What’s an AD or Athletic Committee looking for from an aspiring head coach in an interview? How can you leave it all on the table and give yourself the best opportunity of earning a better position?
Let’s face it, a lot of coaching vacancies are filled by those with connections and big-time recommendations. In fact, some are filled before you even hear they’re open. That being said, you’ll never move forward if you don’t take chances. So, how can you help yourself when the opportunity presents itself and you’re in the interview?
- HOW CAN I PREPARE? Do as much research as possible on the history and achievements of the school or club. Be able to talk about it comfortably. Develop practice questions to rehearse with someone to build your confidence. Make sure some of the questions are challenging and tough. You need to know how to answer, “Why are you leaving your current job?” or “Why wasn’t your team successful?” Videotaping the practice interview may give you more insight on strengths, body language and areas of concern. I’ve included a list of interview questions to consider.
- HOW DO I SET THE STAGE WITH THE GREETING? When you enter the room, seek everyone out and greet them with a handshake while asking their name, leaning in and looking them in the eye. Let them know how honored you are to be there.
- ARE THERE RIGHT AND WRONG ANSWERS TO THE QUESTIONS? Not really, just be yourself. Be consistent with questions dealing with discipline and how you would handle challenging situations. Stay with the question and don’t wander off on some other subject. Trying to answer questions in a lofty way when that isn’t really you will come through as fake.
- HOW SHOULD I DRESS? Be professional looking when you show up. Remember, you’ll be the face of the program and employers want a coach who shows and acts first class. Showing up casual and unkempt will be seen as a reflection of your personality and ultimately your coaching demeanor.
- HOW DO I TALK/ACT? Stay focused, scanning the room and making eye contact with everyone as you answer questions. Make an effort to keep them involved by saying, “I know you’ve experienced that situation as well.” Be respectful of everything you say and do. Refrain from talking ill of the previous coach. Only speak in terms of what you can do. Don’t mention the challenges you had with your last team in a negative way, or make excuses.
- HOW LONG SHOULD I SPEAK ABOUT MYSELF? Speak confidently and proudly with some humility mixed in. Be sure not to go on and on about what you’ve done. They’re more concerned with what you can do for them. Mention those who’ve helped you such as assistant coaches, administrators, parents and outstanding players.

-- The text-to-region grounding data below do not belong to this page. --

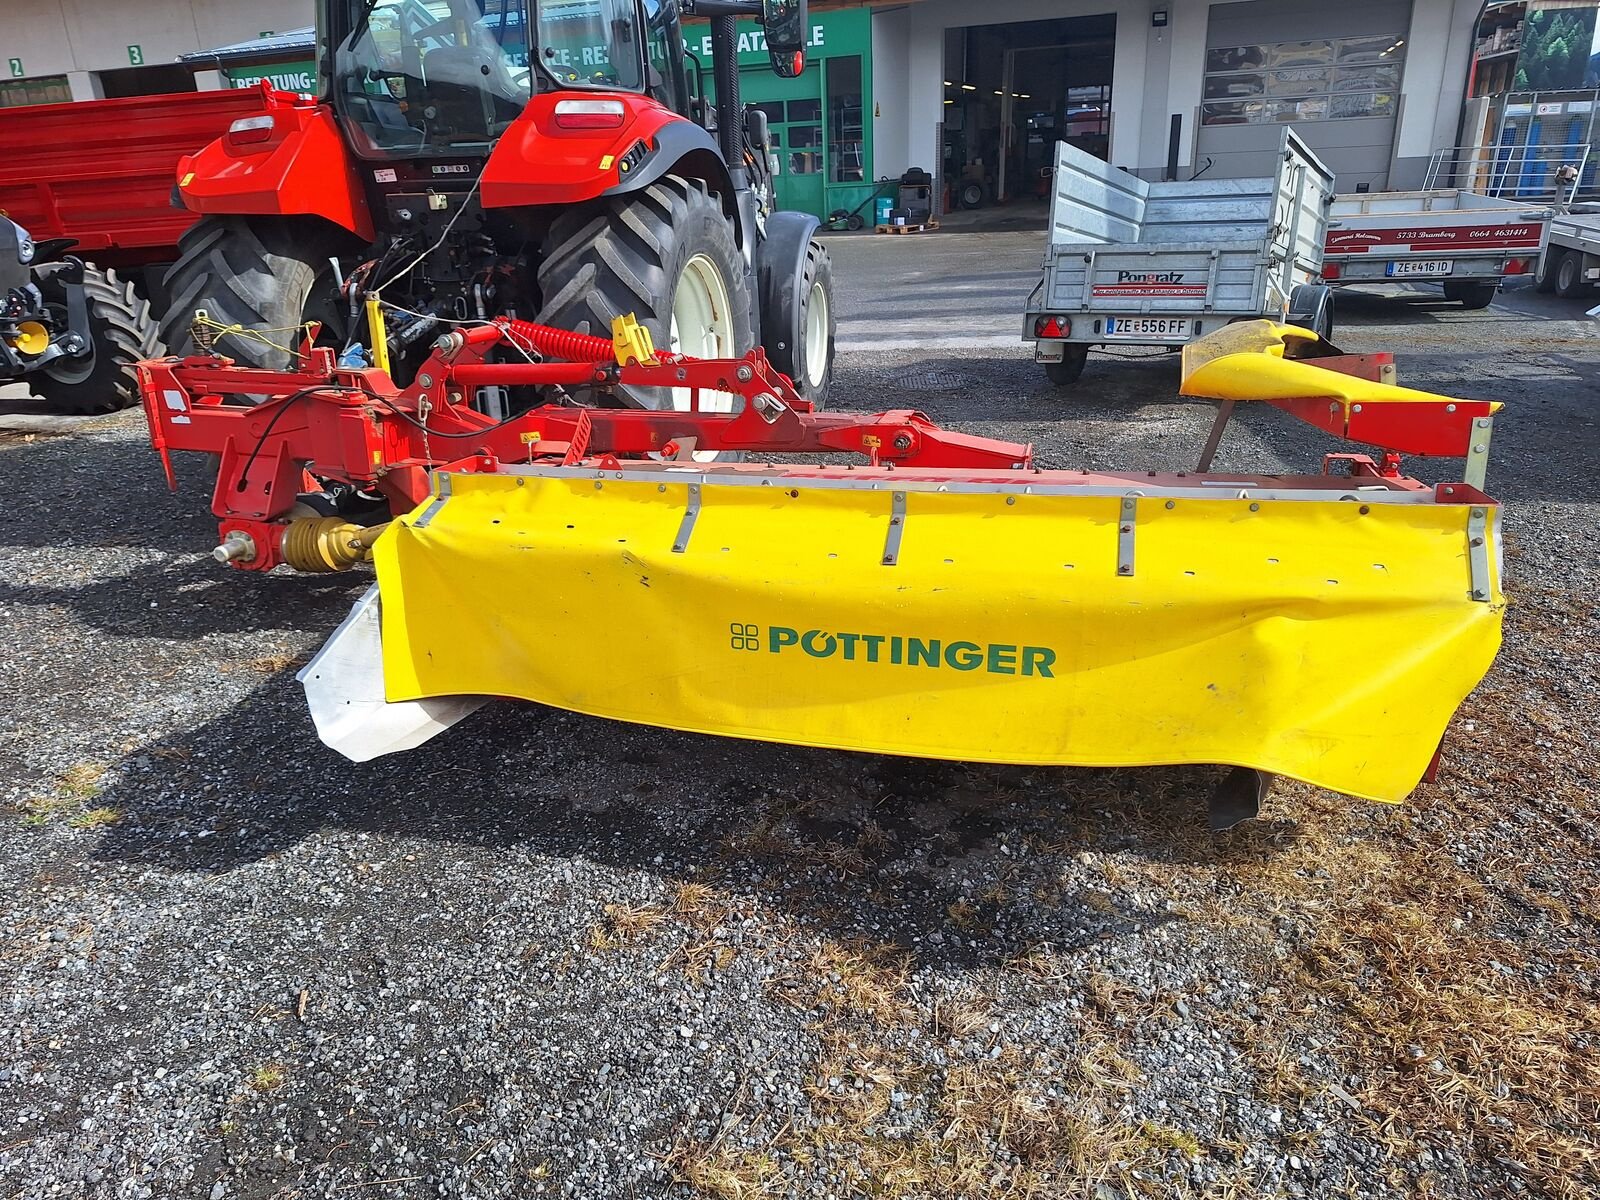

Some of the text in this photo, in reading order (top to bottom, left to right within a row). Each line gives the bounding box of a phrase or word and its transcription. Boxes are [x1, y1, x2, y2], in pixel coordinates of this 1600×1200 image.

[130, 46, 141, 64] 3
[11, 59, 22, 76] 2
[1396, 231, 1417, 240] 5733
[1417, 230, 1457, 240] Bramberg
[1469, 230, 1491, 238] 0664
[1397, 262, 1411, 273] ZE
[1417, 261, 1436, 272] 416
[1117, 270, 1185, 285] Pongratz
[1115, 319, 1133, 334] ZE
[1141, 319, 1167, 334] 556
[1168, 320, 1187, 334] FF
[768, 625, 1058, 679] PÖTTINGER

- SHOULD I HAVE A PRESENTATION WITH MY PLANS FOR THE TEAM? Absolutely! It shows you’ve done your homework and already have a detailed plan to start today with your new team. Include the team’s logo throughout. The readiness and passion to start tomorrow is what they want. This is always impressive to interviewers.
- WHAT ABOUT MY LACK OF SUCCESS? Always be honest. If your success isn’t or hasn’t been where you wanted it to be, let them know your plans and what you plan to accomplish. Point out progress and successes that may not be apparent in the win-loss record. Let your passion to succeed shine. Be proud that you’ve worked hard, and continue to strive to achieve your goals.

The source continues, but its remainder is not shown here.